Images for object localization -

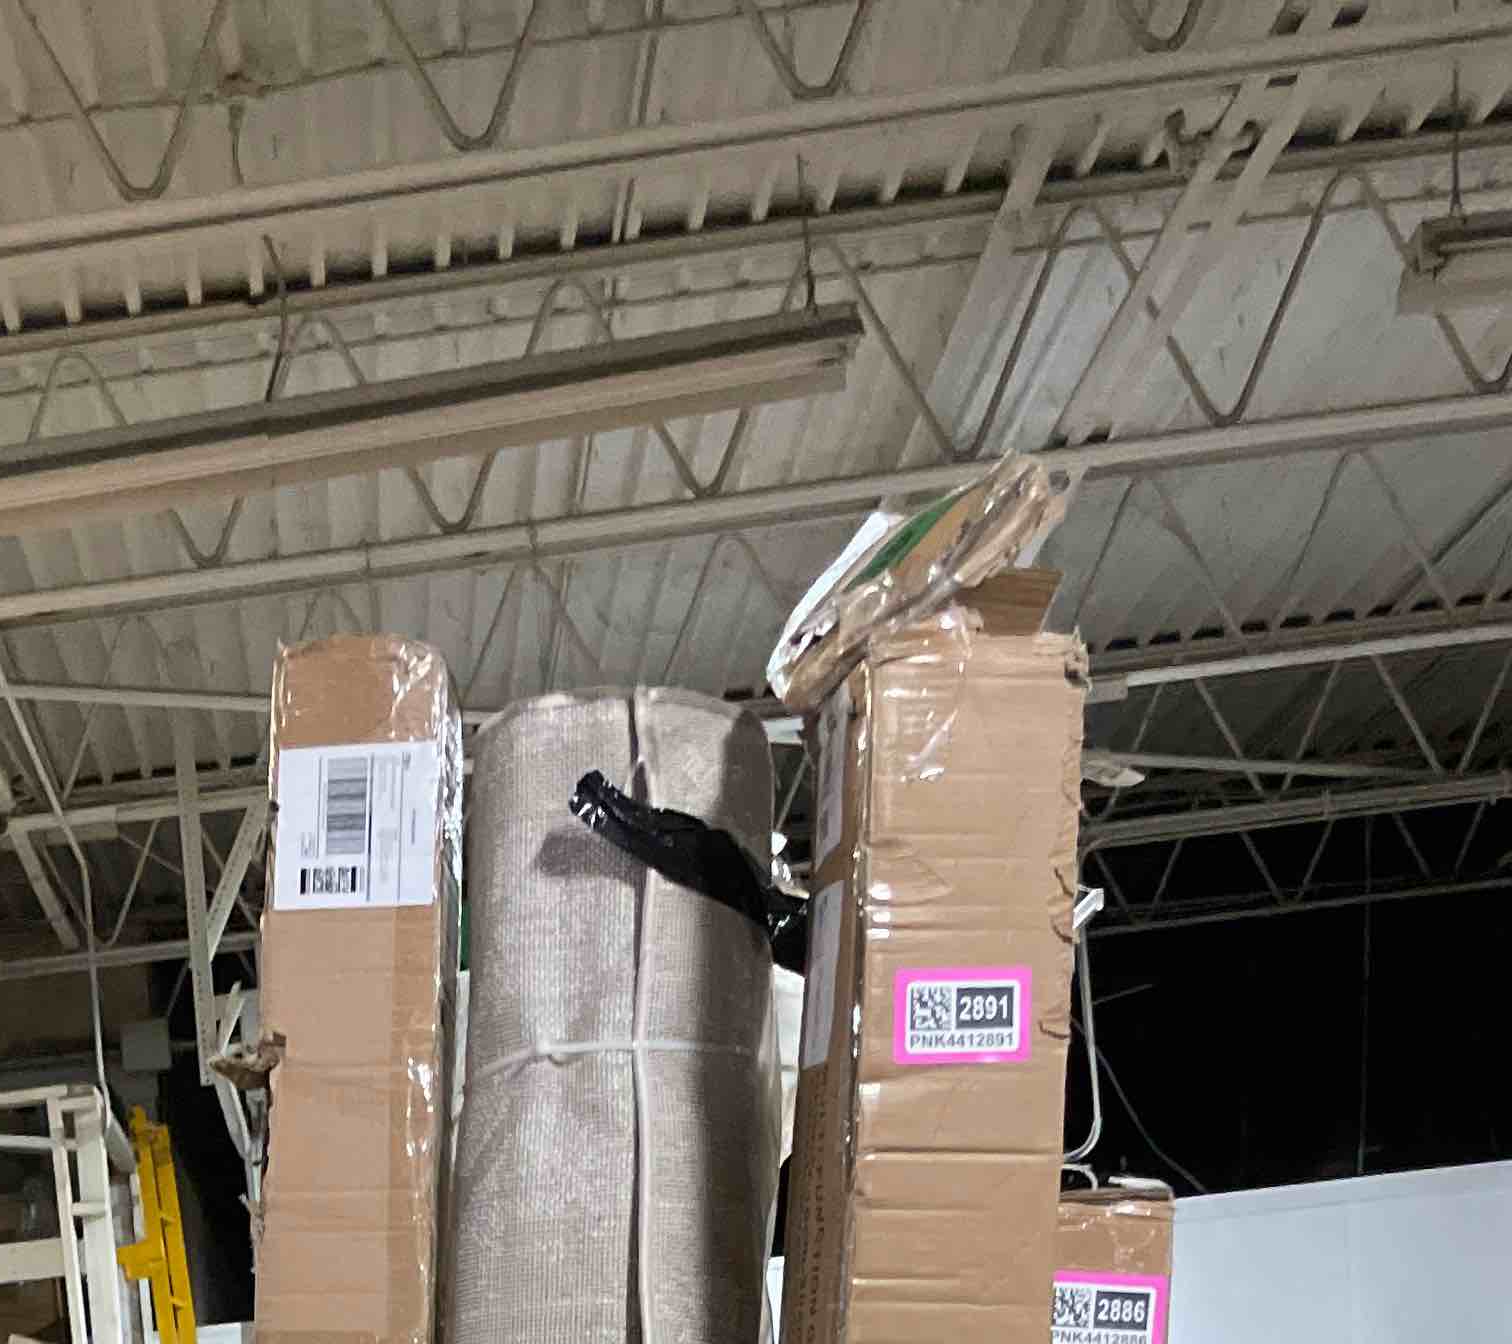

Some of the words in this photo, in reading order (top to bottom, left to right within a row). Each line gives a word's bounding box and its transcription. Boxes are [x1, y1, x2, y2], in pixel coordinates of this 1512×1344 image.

[958, 994, 1008, 1021] 2891
[910, 1032, 1014, 1049] PNK4412891
[1096, 1297, 1146, 1324] 2886
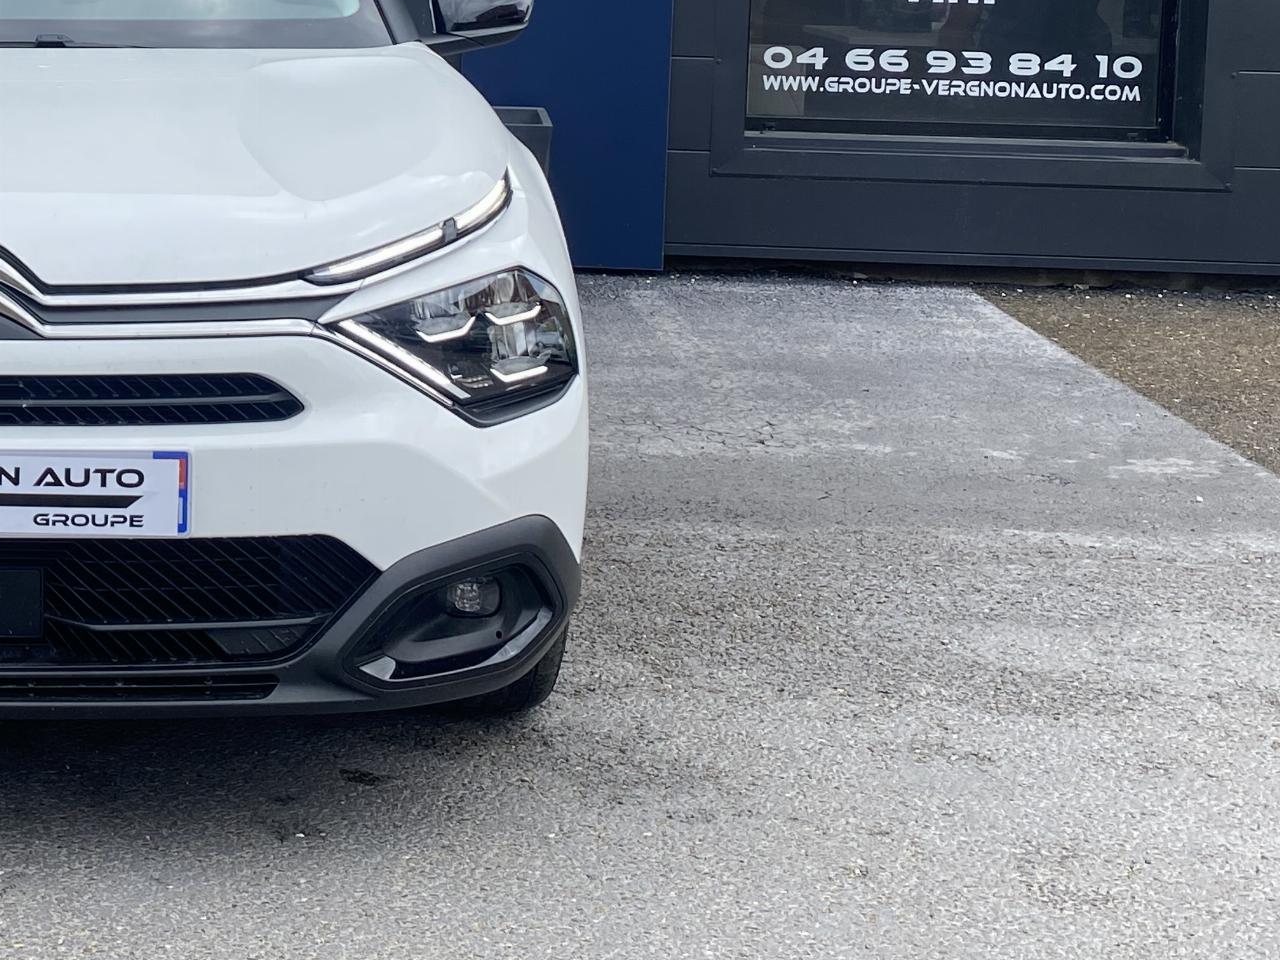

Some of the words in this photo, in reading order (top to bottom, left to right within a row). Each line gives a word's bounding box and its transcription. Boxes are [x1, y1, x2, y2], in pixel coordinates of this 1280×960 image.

[763, 46, 828, 70] 04
[845, 49, 910, 72] 66
[926, 51, 992, 75] 93
[1008, 53, 1077, 77] 84
[1095, 54, 1143, 79] 10
[762, 75, 1141, 101] WWW.GROUPE-VERGNONAUTO.COM
[33, 467, 144, 488] AUTO
[33, 513, 144, 528] GROUPE

Problem requirements - Only the lines from the one containing "this 1280×960 image." through the end of the data above are wanted, both ends included; restate them word for word.

Solution to the problem -
Some of the words in this photo, in reading order (top to bottom, left to right within a row). Each line gives a word's bounding box and its transcription. Boxes are [x1, y1, x2, y2], in pixel coordinates of this 1280×960 image.

[763, 46, 828, 70] 04
[845, 49, 910, 72] 66
[926, 51, 992, 75] 93
[1008, 53, 1077, 77] 84
[1095, 54, 1143, 79] 10
[762, 75, 1141, 101] WWW.GROUPE-VERGNONAUTO.COM
[33, 467, 144, 488] AUTO
[33, 513, 144, 528] GROUPE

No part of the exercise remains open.